Why Remy Majangkim’s Analysis of Sabah’s Constitutional Crisis Deserves Serious Consideration

By Anonymous Legal Practitioner

KOTA KINABALU: Datuk James Ligunjang JP strongly criticises Remy Majangkim’s article.

Ligunjang focuses on legal details and parliamentary rules.

He is right that accuracy in constitutional issues matters. But calling Majangkim’s work “partisan fan fiction” is to risk ignoring Majangkim’s crucial points.

Majangkim’s view raises important issues. He talks about the gap between strict law and real politics.

He discusses the spirit versus the exact words of the Constitution. He highlights how fragile democratic wins can be. We need a balanced look, not just a dismissal of everything one disagrees with.

The Coalition Conundrum: Legal Form vs. Political Substance

Ligunjang makes the point that Majangkim’s reading of Article 6(7) is too simple legally. Coalitions like Barisan Nasional are legally registered parties.

They are both coalitions and parties of their own right. Past examples, like the 1967 USNO-SCA coalition, show coalitions are normal.

Ligunjang is correct about the legal right of coalitions to form governments. But does that accord with the constitutional definition of ‘party’?

But Majangkim’s main worry was not the existence of coalitions. It was about their stability when GRS formed the government in 2020. Calling GRS an “informal alliance” hits on something important. Ligunjang skips this.

There is a difference. A pre-election coalition (like the old BN) is registered and united. A post-election group (like early GRS) is often quickly thrown together to get enough seats. Majangkim’s point (maybe badly put legally) was about GRS’s real situation.

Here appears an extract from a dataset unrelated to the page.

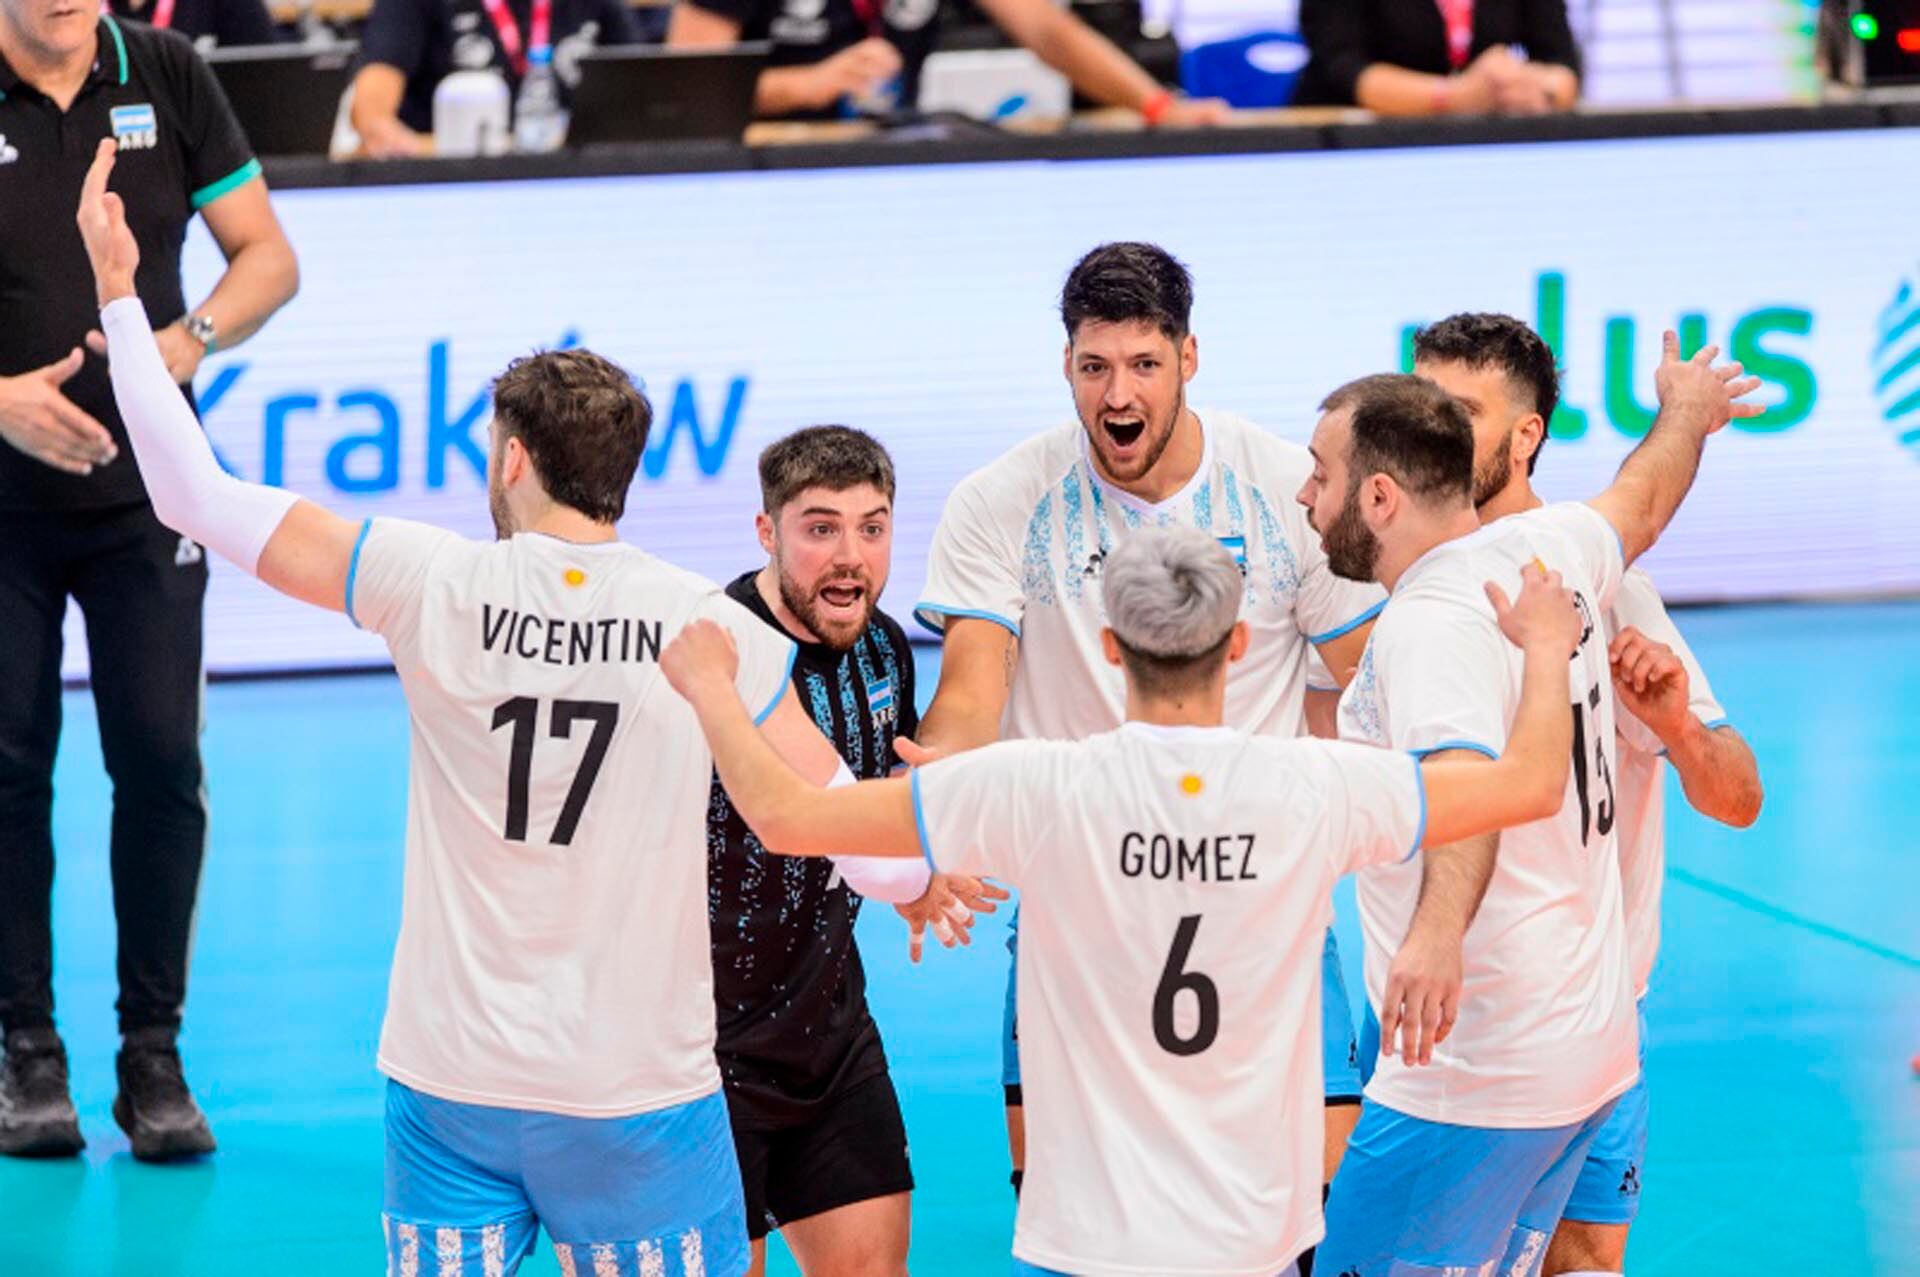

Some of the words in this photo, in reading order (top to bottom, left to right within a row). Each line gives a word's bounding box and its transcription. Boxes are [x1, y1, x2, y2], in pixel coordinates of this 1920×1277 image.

It was fragile. It had components that were not in 100% agreement. It lacked a clear pre-vote mandate.

Ligunjang talks about what the law ‘allows’. Majangkim questions the democratic fairness and true intent of a government formed this way.

This is especially true when the party that won the most seats (plurality) is pushed out. It is less about misreading the law. It’s more about asking if the rules stop opportunistic deals that ‘steal election results’.

Defining “Majority”: Arithmetic vs. Confidence

Ligunjang is technically right. “Majority” for forming a government means more than half the seats. Warisan’s 23 out of 73 seats was only a plurality, not a majority. This created a hung assembly.

A crucial part comes next. Article 6(3) applies here. Ligunjang says Majangkim ‘missed’ this.

fan fiction” is also charged. Majangkim used terms like “backdoor government” and “held hostage”. This is strong language.

But it reflects a common view in Malaysia. Many people see governments formed by post-election switches as illegitimate. For example, the Sheraton move.

There was nothing constitutional about it and even less legality to it. Yet the MPs had no courage to challenge this illegality. You know why? Some of them profited from it.

Ligunjang prefers neutral terms like “coalition arithmetic” and “hung assembly”. Majangkim’s language shows the feeling that such moves are unfair, undemocratic, unconstitutional and against the rule of law.

Dismissing this as “sensationalism” ignores public simmering anger and the real danger it poses to the constitution and rule of law.

Events like the 2020 Sabah crisis made people feel that democracy in Sabah is broken. Majangkim’s strong words represent that frustration.

The rakyat see these manoeuvres as cheating the spirit of democracy and the rule of law, even if they are technically legal.

Conclusion: Imperfect but Insightful.

J. Ligunjang JP’s critique focuses on minor flaws. He spots minor legal mistakes in Majangkim’s article. Especially regarding the formal rules for coalitions and defining “majority”.

Ligunjang is right about the TYT’s role under Article 6(3). He’s right about the confidence vote option. But he fails to ask himself this question: is that role to be exercised to uphold the rule of law or political backroom dealings in the name of a ‘majority’?

And again, calling Majangkim’s whole analysis “flawed and misrepresentative” misses the point.

Majangkim forces us to see problems the strict rules don’t fully fix:

Election wins can be stolen by reps switching parties later.

A solid pre-vote coalition is different from a shaky post-vote deal.

The TYT’s choice under Article 6(3) is very political during a crisis.

People get angry when governments form through deals, not votes.

Majangkim’s analysis, even with its errors, is important and is a catalyst for real-world issues and the establishment of a government under the rule of law. It challenges just reading the law word-for-word, devoid of its spirit: quite like dissecting a dead body. It reminds us that constitutional politics is about rule of law, fairness, democracy, and how rules meet real crises.

Legal precision matters for commentators.

But understanding the political reality Majangkim describes is just as crucial for Sabah’s complex situation. His article isn’t just “storytelling”.

It’s a passionate, if imperfect, look at real tensions in Sabah’s democracy. It deserves serious attention. Its good points should be discussed, even while fixing its legal mistakes.